Changes in the brain, skin, and kidneys dominated also in our case report, and in addition to these, changes were observed in the liver (hemangiomas) and the fundus. Epileptic seizures also occurred on a couple of occasions, with the control EEG being within the reference range.
According to the literature, the frequency of epileptic seizures in patients with TS is described in about 80% of cases, but this frequency is lower in the age group over 50 years (8,9). In a Japanese study of 166 patients with TS, 80% of patients were younger than 50 years, and in the group older than 50 years the most common brain lesions were subependymal nodules and autism, refractory epilepsy and subependymal astrocytomas were not observed (9).
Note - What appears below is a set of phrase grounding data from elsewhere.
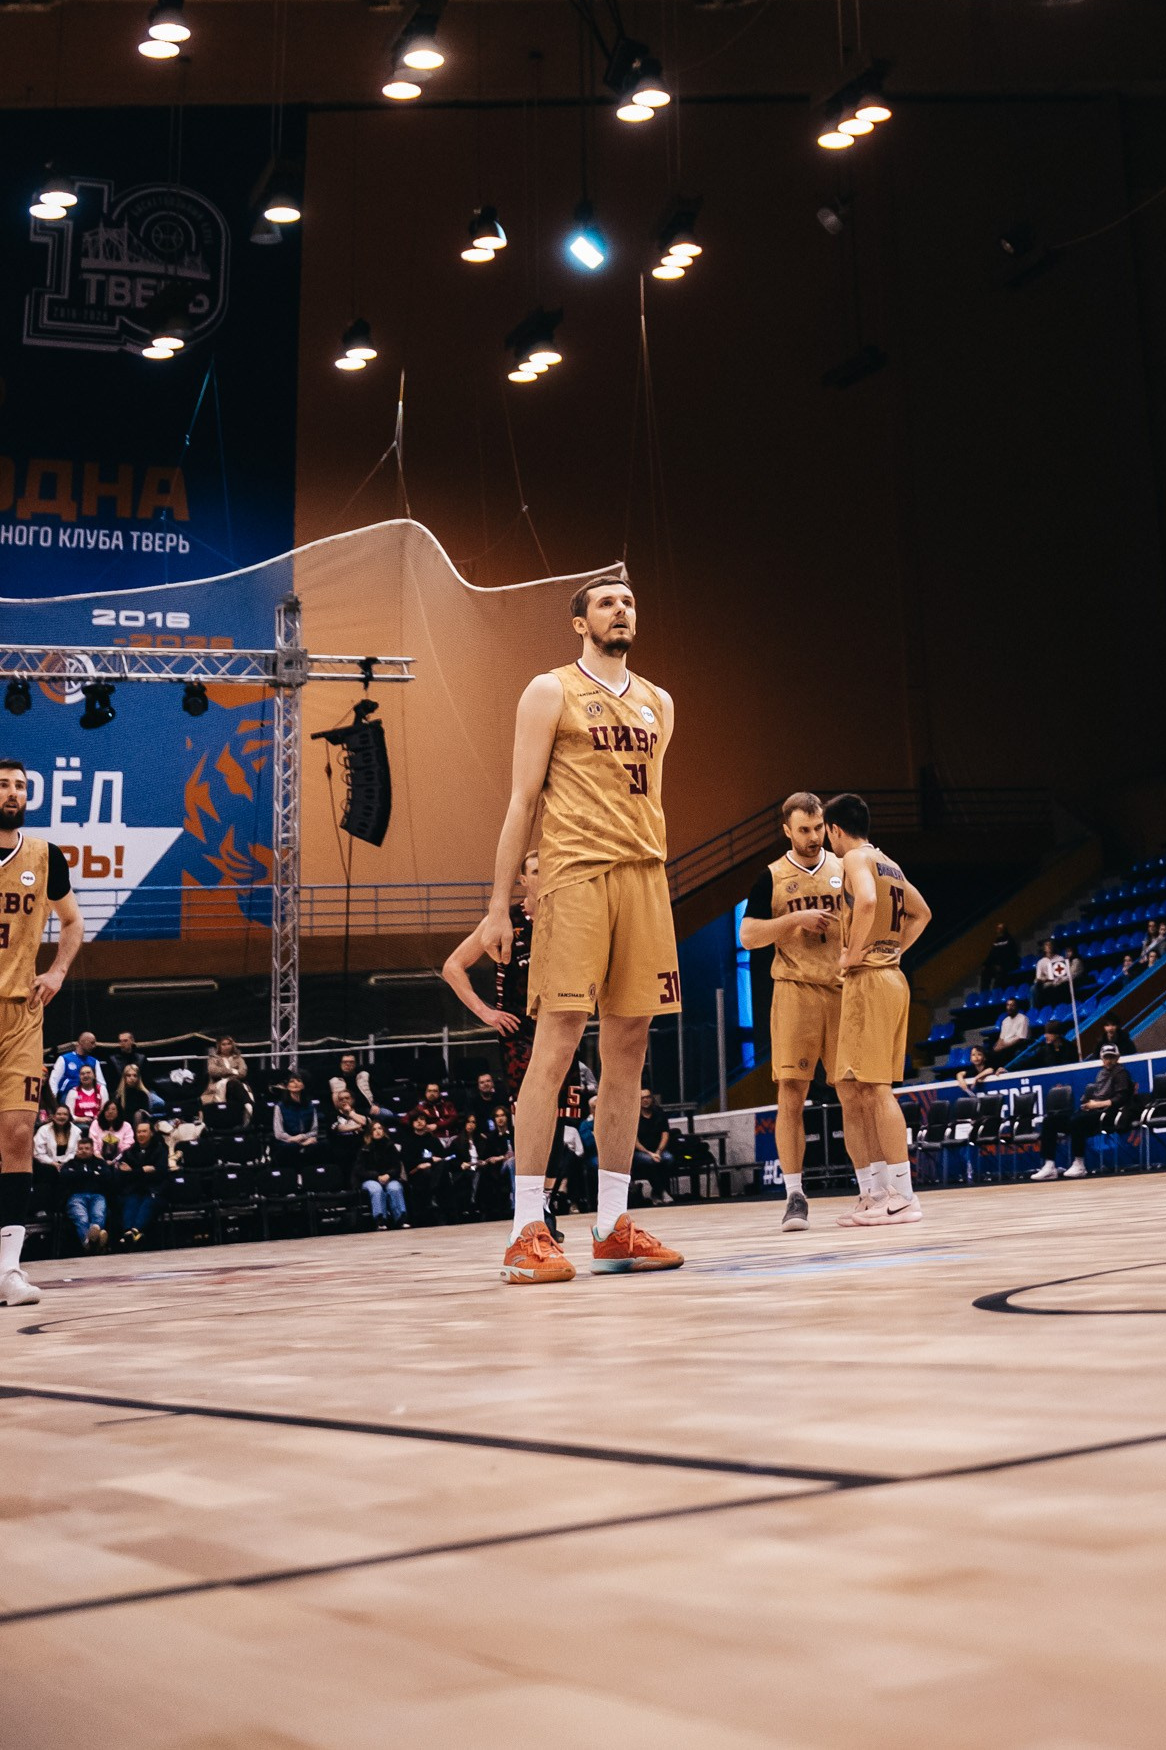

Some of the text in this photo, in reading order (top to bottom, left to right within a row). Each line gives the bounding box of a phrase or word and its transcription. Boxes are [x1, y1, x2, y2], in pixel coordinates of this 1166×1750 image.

[79, 271, 211, 314] ТВЕ
[59, 527, 124, 551] КЛУБА
[130, 530, 191, 555] ТВЕРЬ
[91, 608, 191, 629] 2016
[622, 763, 648, 797] 31
[0, 892, 36, 915] ВС
[657, 970, 681, 1005] 31
[23, 1075, 40, 1104] 13
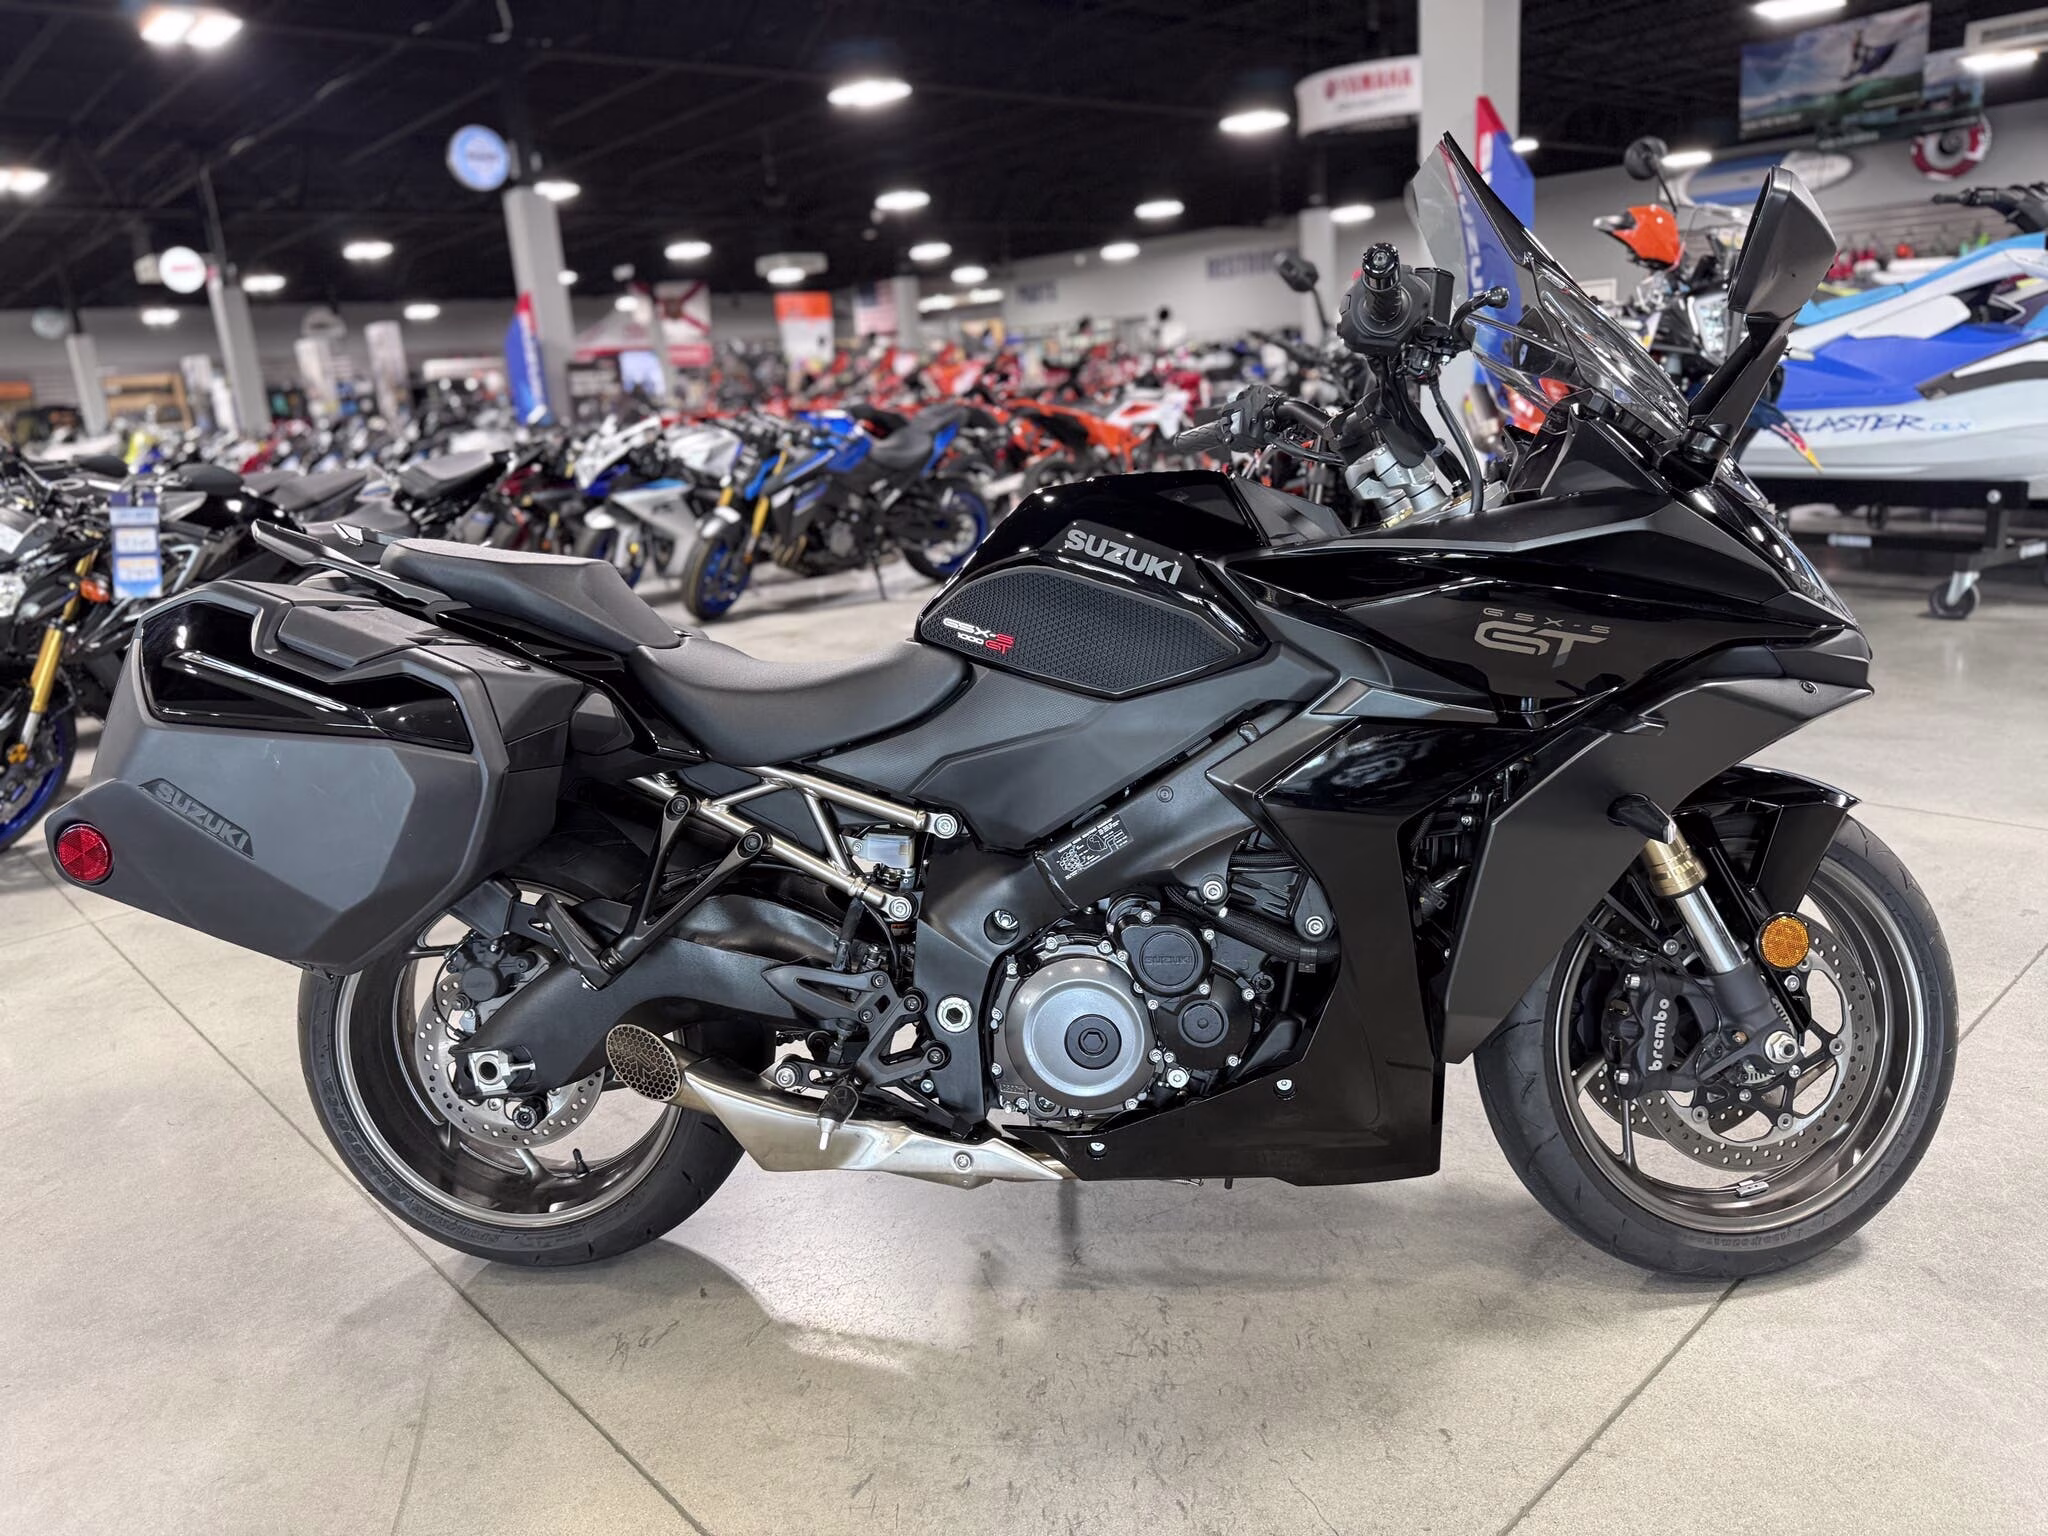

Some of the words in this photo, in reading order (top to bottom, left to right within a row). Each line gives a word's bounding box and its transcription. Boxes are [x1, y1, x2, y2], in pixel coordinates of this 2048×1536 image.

[1064, 529, 1183, 585] SUZUKI
[943, 618, 1015, 645] GSX-S
[1482, 607, 1611, 635] GSX-S
[957, 632, 984, 645] 1000
[985, 639, 1013, 655] GT
[1474, 620, 1609, 669] GT
[155, 782, 249, 850] SUZUKI
[1144, 955, 1193, 966] SUZUKI
[1648, 998, 1670, 1071] brembo
The frequency of epilepsy in general, refractory epilepsy, and intellectual disabilities in this study decrease with the age of the patients, i.e. they are more pronounced at a younger age, somewhat more common in male (9).
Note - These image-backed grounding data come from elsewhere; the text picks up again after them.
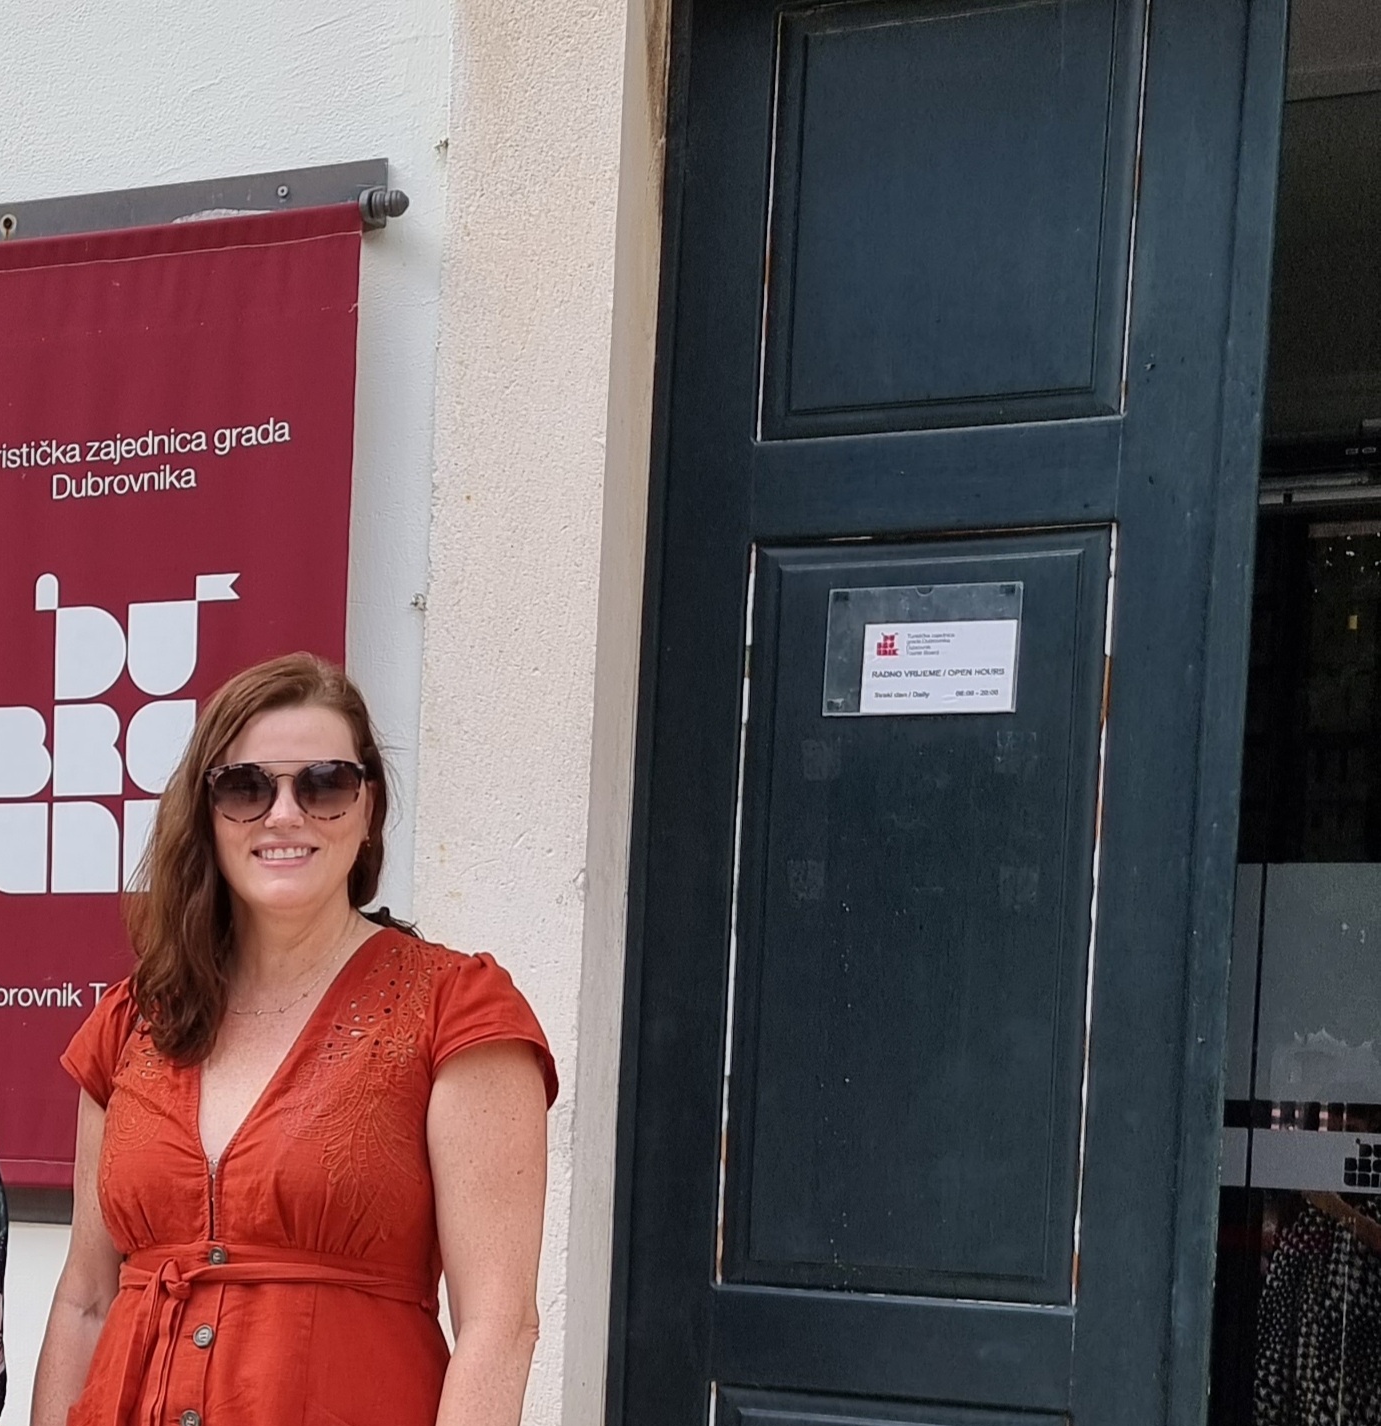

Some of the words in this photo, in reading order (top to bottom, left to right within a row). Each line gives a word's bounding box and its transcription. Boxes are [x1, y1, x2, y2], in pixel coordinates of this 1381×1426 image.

[86, 429, 207, 464] zajednica
[214, 418, 291, 455] grada
[52, 465, 197, 500] Dubrovnika
[872, 670, 902, 678] RADNO
[905, 669, 941, 678] VRIJEME
[948, 668, 972, 676] OPEN
[974, 667, 1005, 676] HOURS
[913, 691, 930, 699] Daily
In addition to brain lesions, kidney lesions are often described within TS. Most studies have described the presence of kidney angiomyolipomas and cysts, a significantly lower percentage of cancers. Other kidney disorders, especially the progression of kidney failure, pathological urine sediment (proteinuria, erythrocyturia) and arterial hypertension are described very rarely and are very serious complications whose early detection and treatment would be very important, especially in children (8). A study by Janssens et al, described the occurrence of arterial hypertension in 32% of cases, proteinuria in 16%, hyperfiltration in 25%, and terminal kidney failure in 7.5% (8). In our patient, kidney failure was initially observed (preterminal grade GFR 10–17mil / min / 1.73m2), and that was the reason she was admitted to the Nephrology Clinic. Among other disorders in the laboratory analysis, a pathological finding of urine in the form of proteinuria 1.5g / 24h and microerythrocyturia was observed. A favorable response to the applied treatment was manifested in a slight recovery of kidney function (Cre 305 umol / l, CKDeGFR 17 mil/min / 1.73 m2), which was then maintained in a further six-month follow-up.
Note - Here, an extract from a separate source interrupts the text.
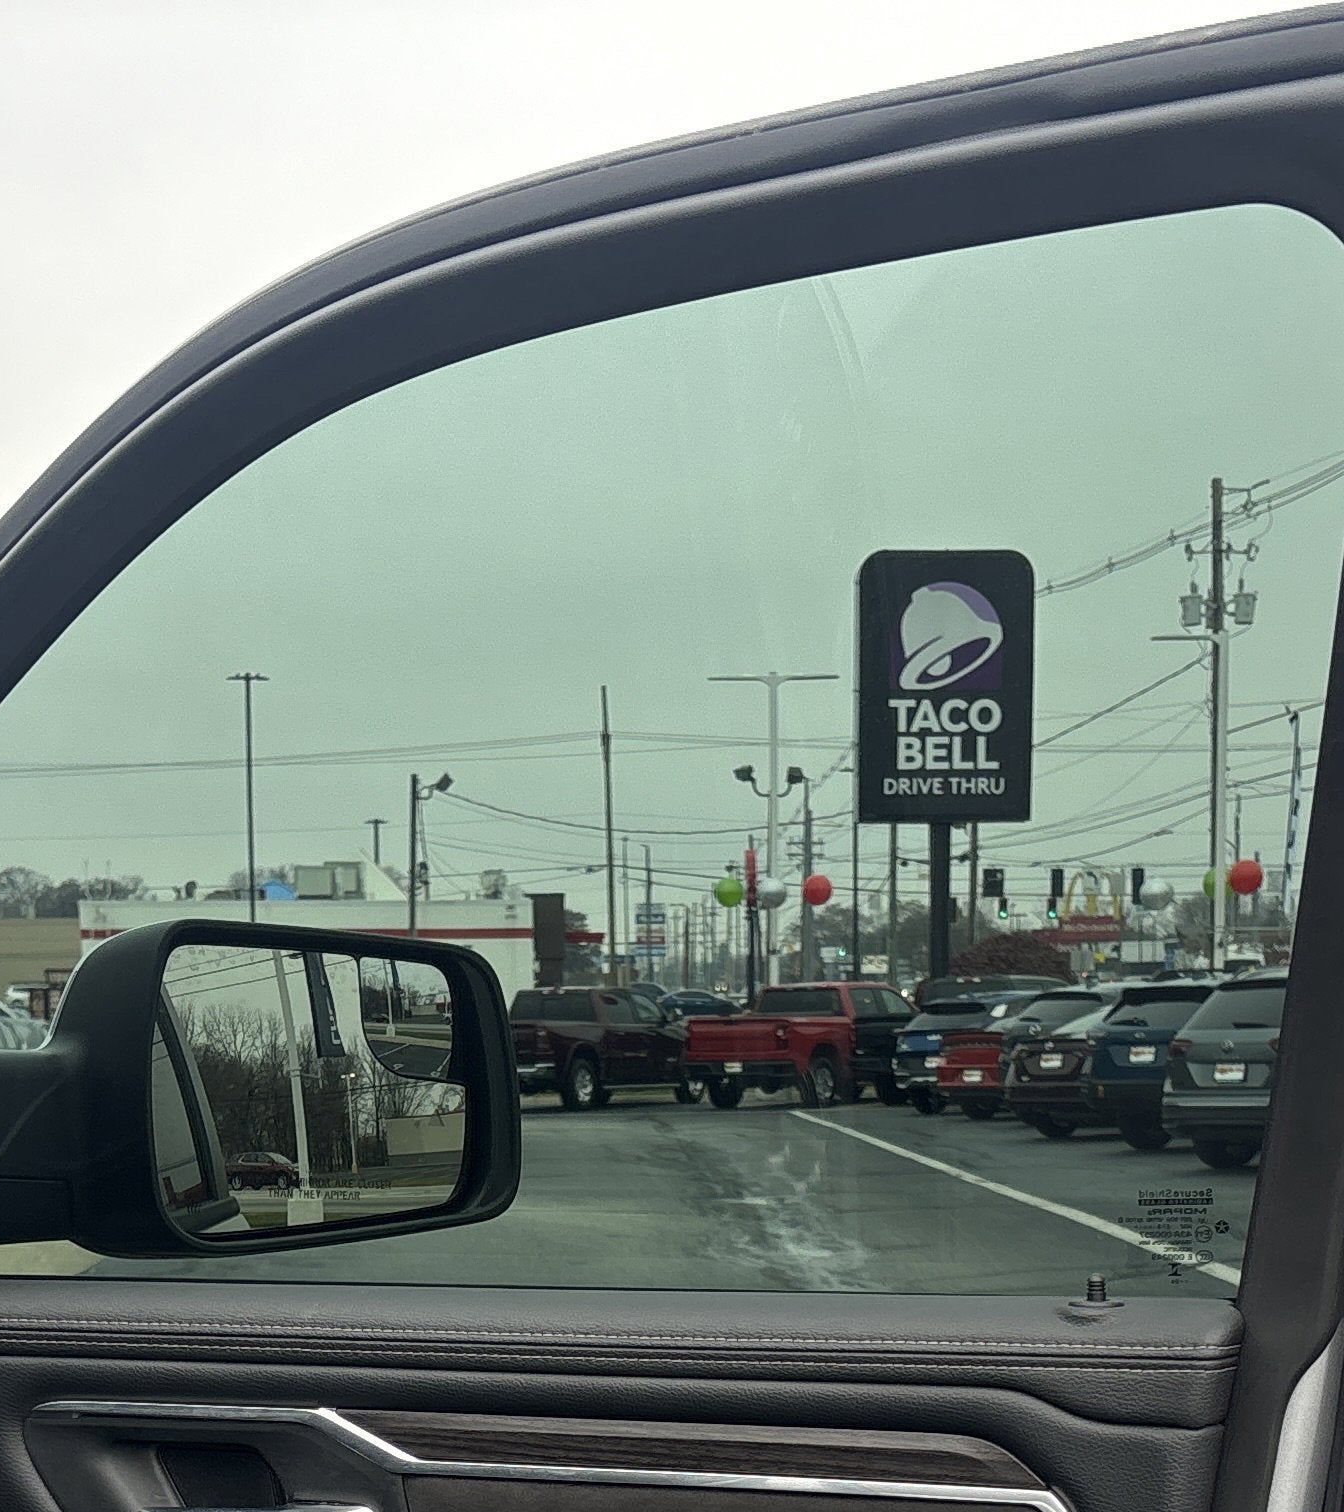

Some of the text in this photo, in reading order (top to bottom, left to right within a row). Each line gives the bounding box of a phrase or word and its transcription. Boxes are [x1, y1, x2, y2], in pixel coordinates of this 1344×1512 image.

[887, 698, 1003, 733] TACO
[896, 735, 1000, 771] BELL
[883, 777, 1006, 795] DRIVE THRU
[268, 1188, 361, 1201] THAN THEY APPEAR
A study by Malaga-Dieguez et al, indicated that kidney disorders in the form of arterial hypertension (36% of cases) and lower GFR in 20% of patients were more pronounced in children and young adolescents with the TSC2 gene mutation (10). Similar data are confirmed by the Tuberous Sclerosis registry, which describes a statistically significantly higher prevalence of angiomyolipomas in TSC2 compared to patients with TSC1 mutation (59.2%; 33.3%) as well as a higher prevalence in females (11). The prevalence of multiple renal cysts is also linked to the TSC2 gene mutation and the ratio is 33.4% to 13.7% in the TSC1 mutation (11). In most patients, angiomyolipomas were asymptomatic (82%), and pain (6.1%), hematuria (5.0%), microscopic hematuria (4.3%), arterial hypertension (5.7%), and decreased kidney function were reported rarely (9%) (11). Our patient had bilateral angiomyoliposis and multiple renal cysts that were about 21 mm in size, with microerythrocyturia, proteinuria, and arterial hypertension, and kidney failure.
We underline the importance of a multidisciplinary approach in the treatment of patients, bearing in mind that, as in our patient, a rare genetic disease - tuberous sclerosis can be manifested by the kidney failure of preterminal rank.